Okul fobisi, şiddetli bir endişe sebebiyle çocuğun okula gitmek istememesiyle kendisini gösteren, veya okulla ilgili olan herşeye karşı çocuğun isteksiz olması durumudur. Eylül ayının gelmesiyle birlikte okula başlayacak olan çocuklar için kapılar yeni bir başlangıca açılacaktır. Çocuklar birdenbire hiç bilmedikleri bir düzen, kalabalık ve disiplin içerisinde kendilerini bulurlar. Ve en zor olanı ise; güvende oldukları evlerinden, annelerinin sıcacık kucaklarından uzaklaşmalarıdır. Bu fobiyi yaşayan çocuklarda sıklıkla ayrılık kaygısı yaşama durumu hakimdir. Okul saatleri yaklaştığında sıkıntı artışı, gerginlik, ağlama, saldırganlık, çeşitli ağrılar, mide bulantısı ve iştahsızlık gibi şikayetlere rastlanır. Uyku problemleri, okul faaliyetlerine pasif yaklaşma, özellikle yabancı kişilerle iletişime geçememe, sürekli bahaneler bulma, evde kalma konusunda aşırı ısrar ve söz dinlememe gibi davranışlar da görülür. Sıklıkla okula yeni başlayan 5,5 -7 yaş arası çocuklarda görülür. Aynı zamanda okula başladıktan sonraki yıllarda da çeşitli değişim durumlarında yaşanabilir.

Nedenleri?

Sorunun ilk nedeni; anneden, güvenli ev ortamından ayrılacak olmanın verdiği huzursuzluktur. Özellikle günümüzde aileler çocuklarını yetiştirirken aşırı korumacı ve kollayıcı olabiliyorlar. Çocuklar okul çağına gelene kadar ailesinden bağımsız değilmiş yani ayrı bir birey değilmiş gibi büyüyor. Çocuk ev ortamında tıpkı bir cam fanusta gibi yetişiyor. Ve cam fanustan çıkma zamanı geldiğinde evden ayrı kalma korkusu çocukta aşırı endişe ve terk edilme duygusu yaşamasına sebep olabiliyor. Bir başka neden olarak da “yenilikler” gösterilebilir. Yeni insanlar, yeni kurallar, kalabalık, yeni sorumluluklar, yeni roller… Çocuğun bunlarla baş edebilme becerisine göre onları etkileyebiliyor. Tamamen anne ve babasının korumasındaki çocuklar ise burada zorlanıyor. Ayrıca ailenin başarı beklentisinin olması ve çocuğun bunu algılama derecesi de okul fobisinin oluşmasına katkı sağlayabiliyor. Ebeveynlerinin beklentilerini karşılayabilmek çocuklarda strese sebep olabiliyor. Yeni ortamlarda bir takım çocuklar kendilerini yalnız hissedebilirler. Özellikle arkadaş edinme konusunda yetersiz yada isteksiz olan çekingen çocuklar yalnız kalıp arkadaşları tarafından reddedilebilirler. Bu durum karşısında kalabalıklar içerisinde kendilerini yalnız hissedebilir ve okula gitme isteklerine engel olabilir. Bir diğer sebep ise; okul ortamında çocukların zarar verici davranışlara maruz kalmaları olabilir.

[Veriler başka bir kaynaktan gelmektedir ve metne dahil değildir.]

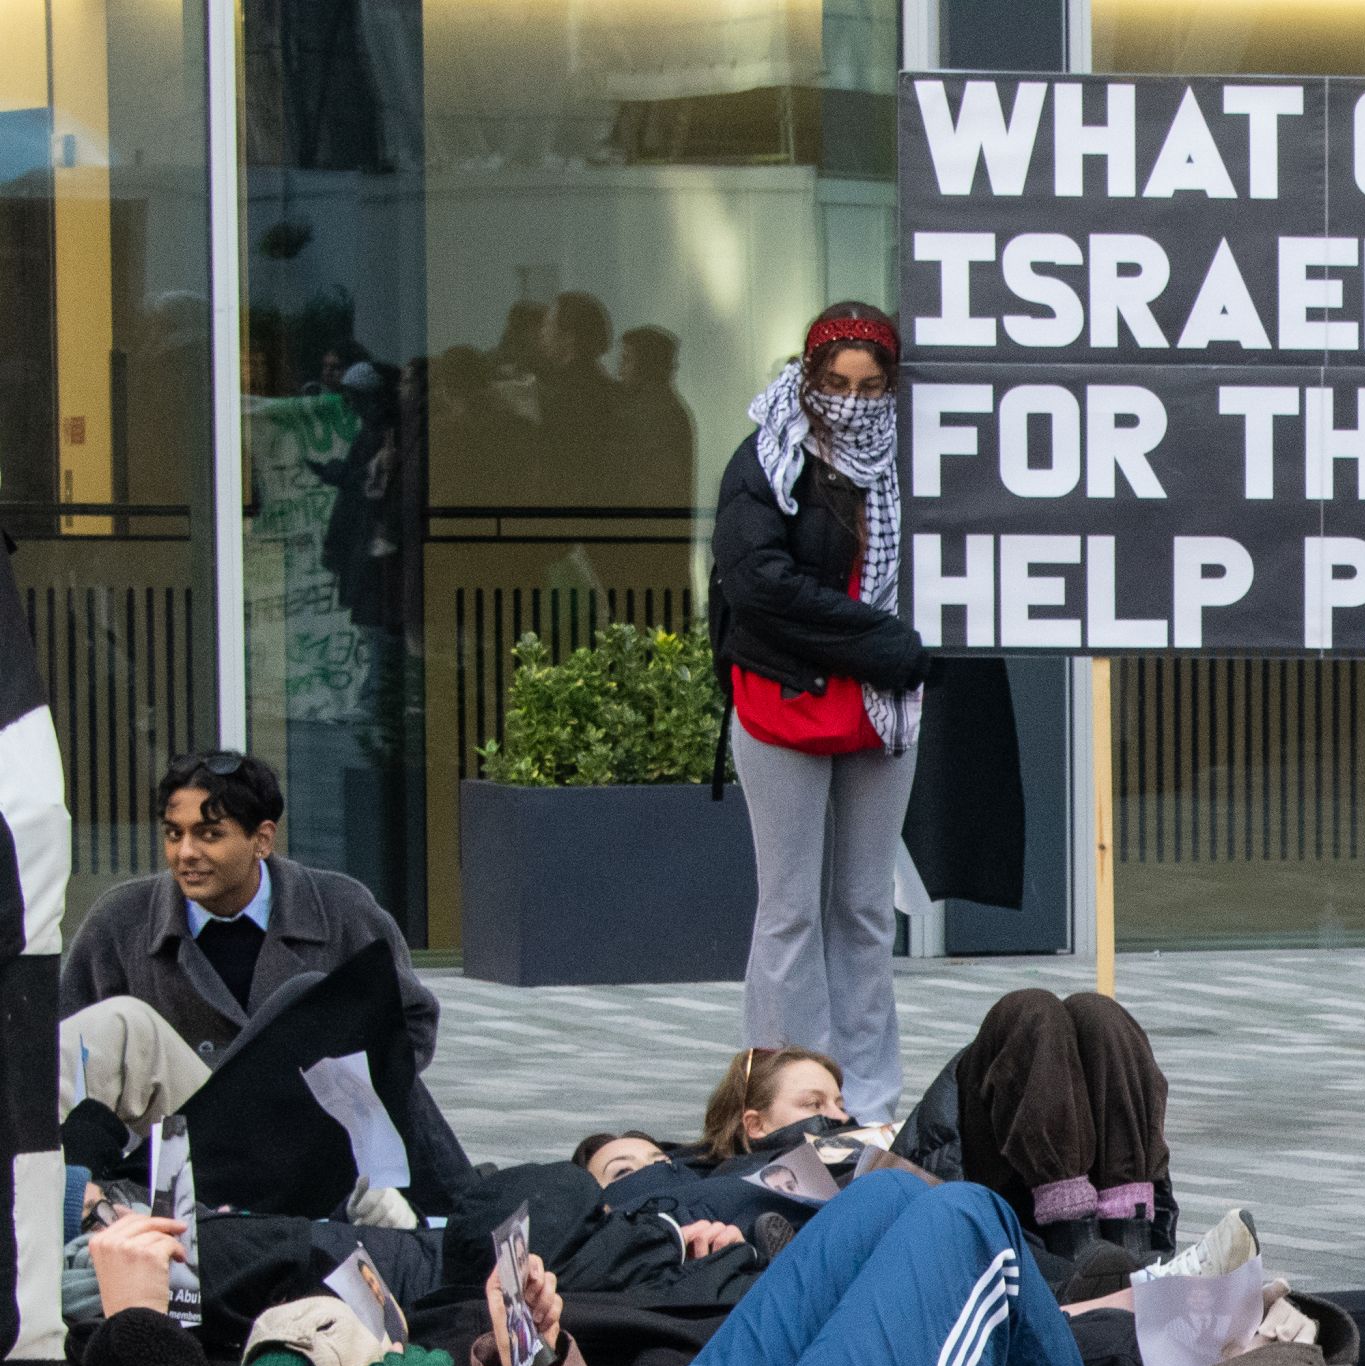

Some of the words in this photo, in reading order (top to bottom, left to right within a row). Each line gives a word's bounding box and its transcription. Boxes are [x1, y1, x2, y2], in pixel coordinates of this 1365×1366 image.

Okul Fobisi Olan Çocuğa Yaklaşım

Okul fobisi yaşayan çocuklara yardım ederken öncelikle anne-baba ve öğretmenin işbirliği içerisinde olması önemlidir. Çocuklar okula gitmek istemedikleri için suçlanmamalı ve asla cezalandırılmamalıdır. Okula gitmenin gerekliliği konusunda aile ve öğretmeni net bir tavır göstermeli, çocuk okula özendirilmeli ve kendisini anlayışla karşılayarak destekleyici olunmalıdır. Bu korkuyu yaşayan çocuğun korkusu görmezden gelinmemeli ve yalnız olmadığı hissettirilmelidir. Çocuğun endişeleri ve duyguları üzerinde konuşmaya çalışarak hem sıkıntısı paylaşılabilir hem de yalnız olmadığını hissetmesi sağlanabilir. Ebeveynlerin beklenti düzeylerini gerçekçi kılıp çocuğa zaman tanıması gerekir. Okula başlamadan önce okul hakkında gerçekçi olmayan şeyler anlatılmamalı, okul ve öğretmenler tanıtılmalıdır. Okulda geçirdiği zamanlardaki ayrılığın geçici olduğu anlatılmalı, vedalaşmalar kısa tutularak ayrılığın doğal olduğu gösterilmelidir. Çocuğun okula gideceği günler aile bireyleri sıradan bir günmüş gibi davranmalı ve korkuyu hatırlatacak davranışlardan uzak durmaları gerekir. Sorun daha zor ise çocuğun birkaç saatliğine daha sonra sistematik bir şekilde tam gün okula gitmesine izin verilebilir. Tüm bunlara rağmen eğer çocuğa yardımcı olunamıyorsa bir profesyonelden destek almak gerekir.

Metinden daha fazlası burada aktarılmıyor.